LEONARDO BOFF

Betinho foi um homem de grandes sonhos e realizações

Redação O Tempo

Por Da Redação
Publicado em 01 de setembro de 2017 | 03:00
 
 
Duke

Em agosto ocorreram várias homenagens nos 20 anos da morte do sociólogo e ativista social Herbert de Souza, conhecido como Betinho. Há mortos que recordamos com saudade, mas há também mortos que celebramos com júbilo. Estes não estão ausentes, são apenas invisíveis. É o caso de Betinho. Em suas próprias palavras, sua vida foi uma sucessão infinita de sortes: hemofílico, sobreviveu à tuberculose e, por fim, confrontou-se corajosamente com a Aids. Militou na esquerda católica contra a ditadura militar, viveu no exílio no Chile, no Canadá e no México. Regressou em 1979, recebido por uma multidão, reconhecido como o irmão de Henfil, genial cartunista. Aldir Blanc e João Bosco imortalizaram Betinho com a canção sempre cantada “O Bêbado e a Equilibrista” sobre “a volta do irmão do Henfil”.

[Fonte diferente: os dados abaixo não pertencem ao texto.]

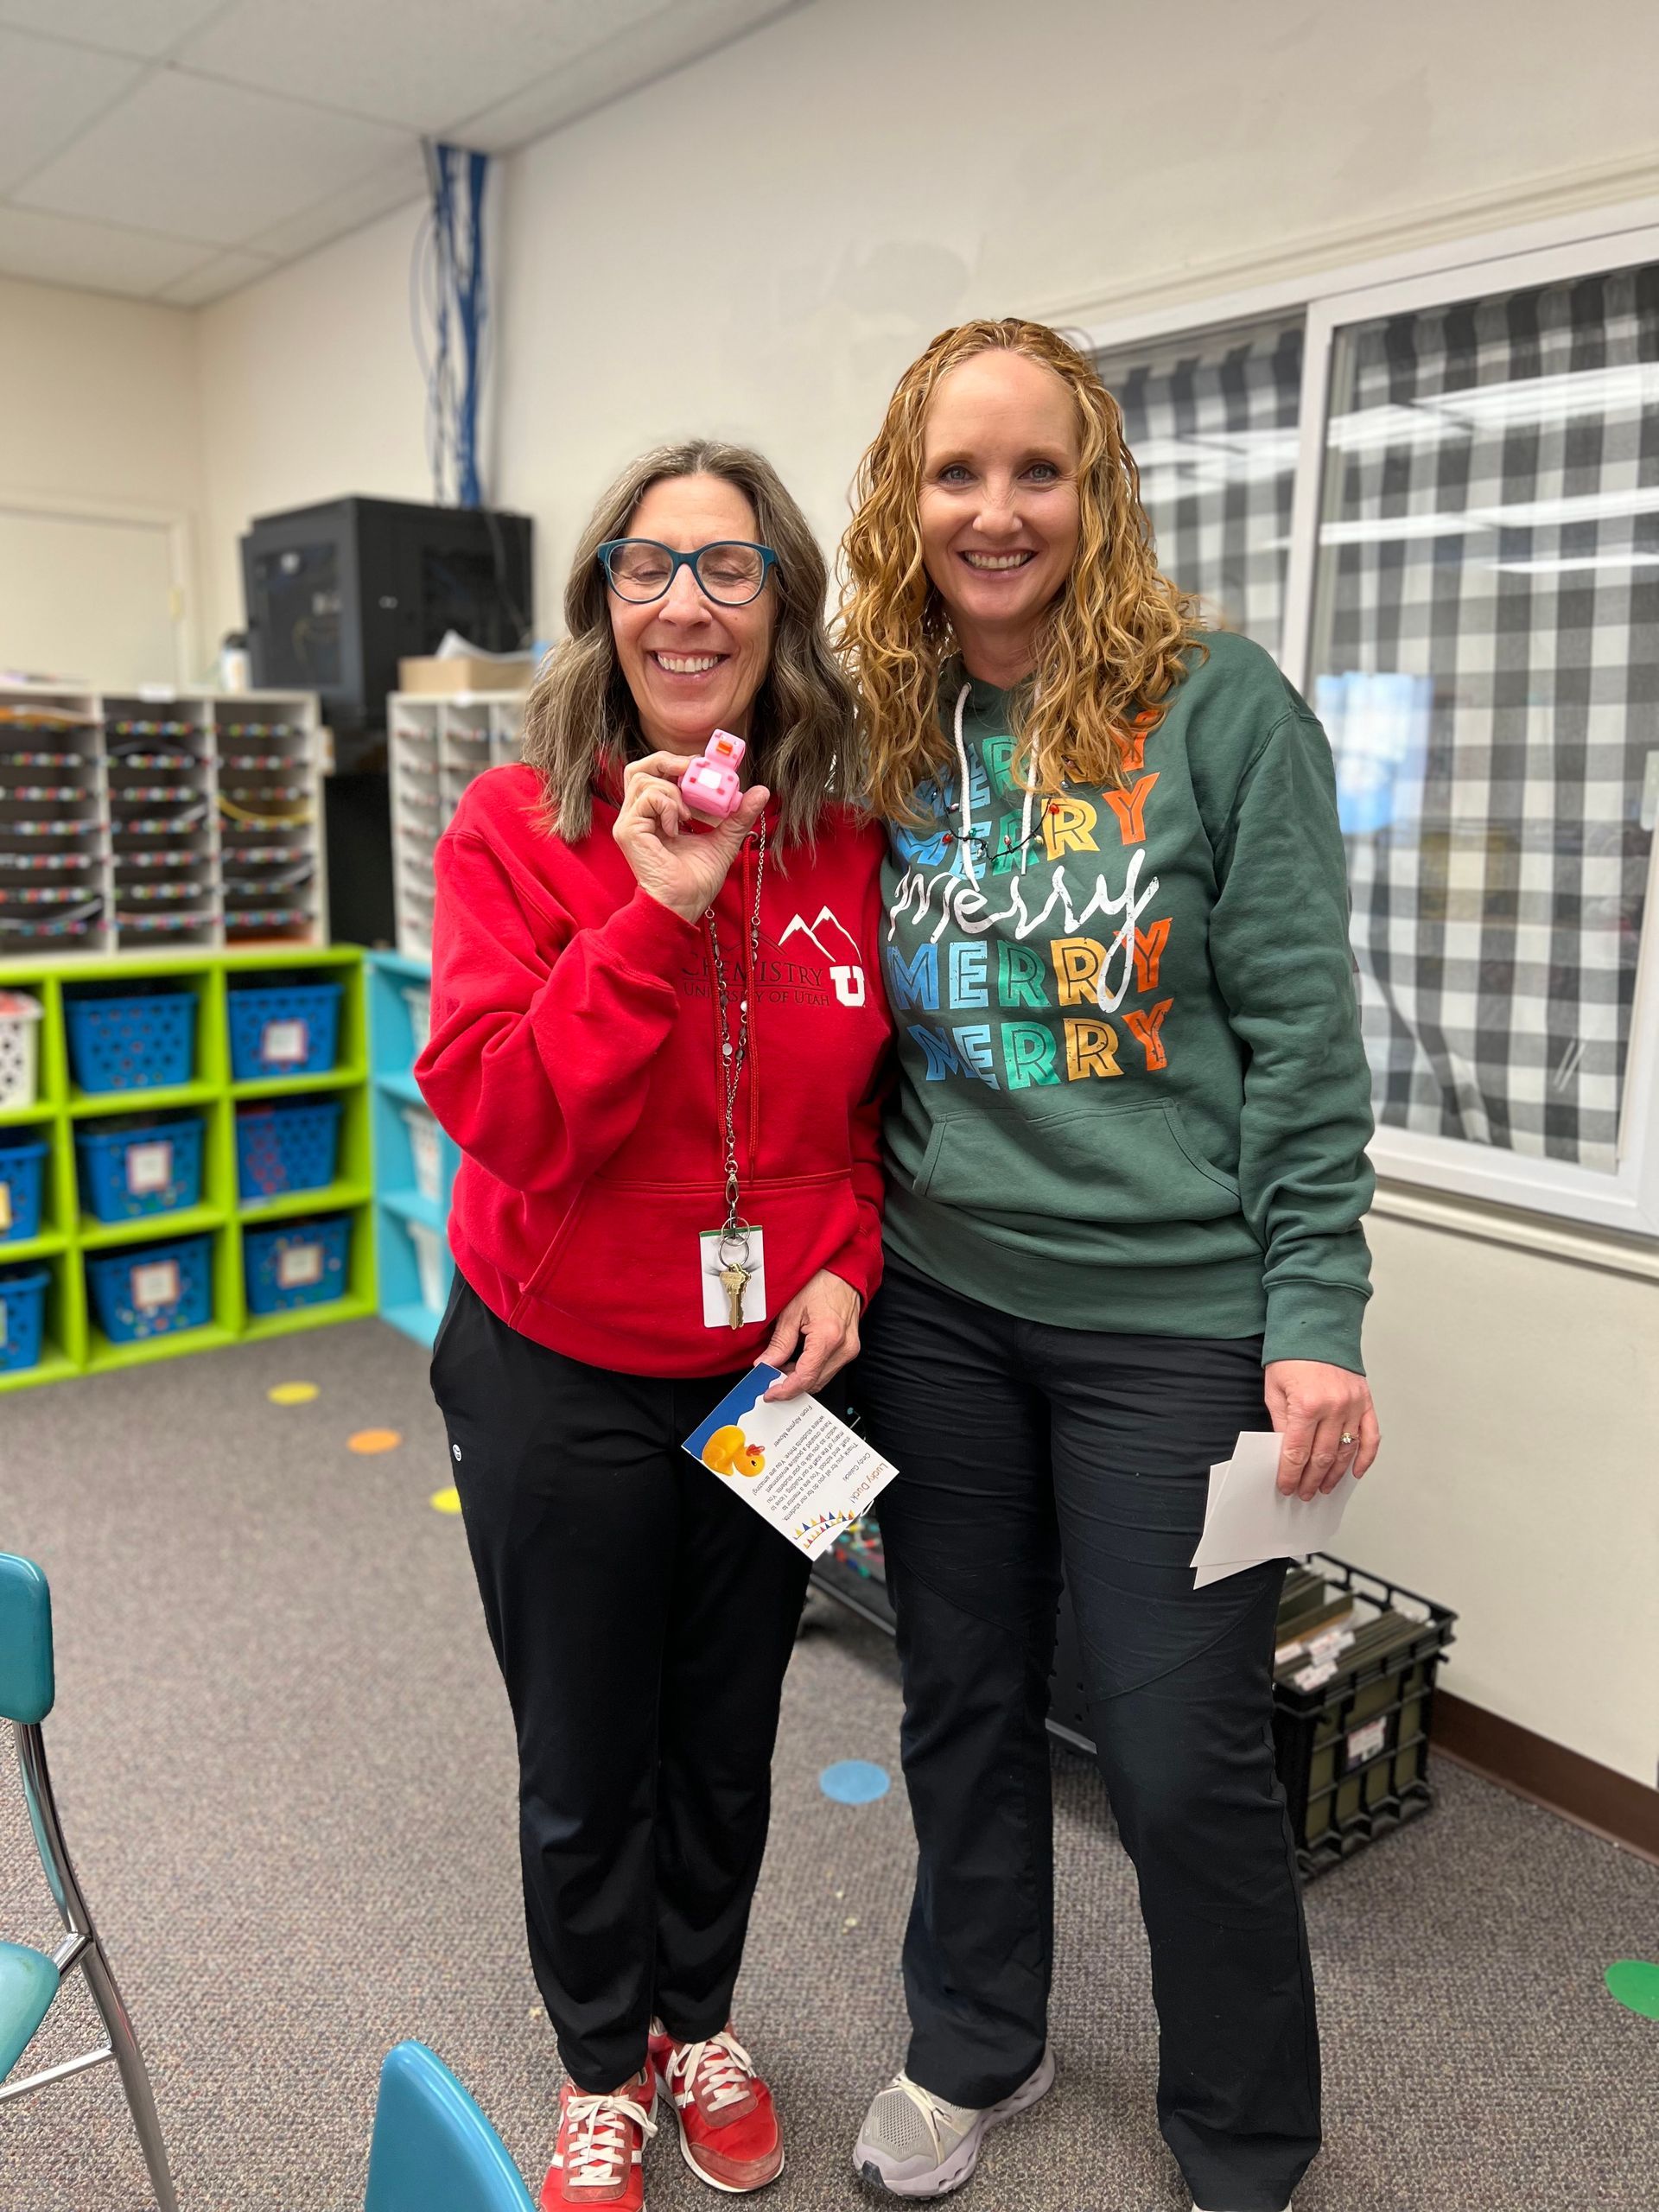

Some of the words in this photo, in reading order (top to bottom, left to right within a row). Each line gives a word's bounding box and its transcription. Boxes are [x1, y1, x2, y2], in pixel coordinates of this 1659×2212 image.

Betinho foi um homem de grandes sonhos e de não menores realizações: a fundação da Ação da Cidadania contra a Fome, a Miséria e pela Vida; o Comitê de Entidades no Combate à Fome e pela Vida (Coep); em colaboração com o engenheiro de Furnas André Spitz, com o Coppe e o Coep ajudou a formar o Comitê de Entidades Públicas no Combate à Fome, Comitês da Cidadania pelo Brasil afora, o Natal sem Fome e a Abia, para o estudo da Aids, entre outras. Entre 1993 e 2005 a Ação da Cidadania distribuiu 30.351 toneladas de alimentos, beneficiando cerca de 3 milhões de famílias.

Sua prioridade absoluta, verdadeira obsessão humanitária, era o combate à fome. Costumava responder aos que o acusavam de certo assistencialismo que “a fome tem pressa”, não permite esperar a grande revolução. Com razão dizia Gandhi que a fome é “a forma de violência mais assassina que existe”. Isso Betinho queria evitar a todo custo. Dar de comer nunca pode ser um gesto apenas assistencialista, mas de um humanismo em grau zero. Juntos repetíamos com frequência: “O pão que tenho em minhas mãos é material; mas o pão que entrego ao faminto é espiritual, pois vai carregado de amor, de compaixão e de humanidade e salva a vida”.

Ao regressar ao país, optou pela sociedade civil, e não pelos partidos e pela participação no Estado. Na sociedade civil via a presença de potencial de solidariedade e de criatividade que poderia ser mobilizado em favor das grandes causas nacionais: cobrar ética na política, reconstruir a democracia pela base, participativa e popular, promover a urgência da reforma agrária em terras do campo e da cidade, combater a fome, incentivar a educação na linha de Paulo Freire.

Betinho era um indignado com a antirrealidade brasileira dos milhões de marginalizados, castigados pela fome e pelas doenças. Mas não era um resignado. Logo lançava projetos para pô-los em prática, sempre com um sentido de trabalho coletivo e solidário.

Se vivesse hoje com a desordem social provocada pelo infame golpe parlamentar, jurídico e midiático, atrás do qual se escondem as classes oligárquicas, que Darcy Ribeiro considerava as mais insensíveis e reacionárias do mundo, o que vem sendo repetido por Jessé Souza, Betinho estaria seguramente na rua mobilizando o povo, os movimentos, os que ainda acreditam no Brasil, para defender nossa frágil democracia e salvar os direitos sonegados aos trabalhadores e aos futuros aposentados, defender as terras indígenas e impedir a venda de terras nacionais a estrangeiros.

Os escândalos da corrupção milionária atingindo a maioria dos partidos e as grandes empresas o levaria seguramente a retomar com vigor o tema sobre o qual tanto se debatia: a ética na política e a transparência em todas as coisas. Que falta nos faz Betinho.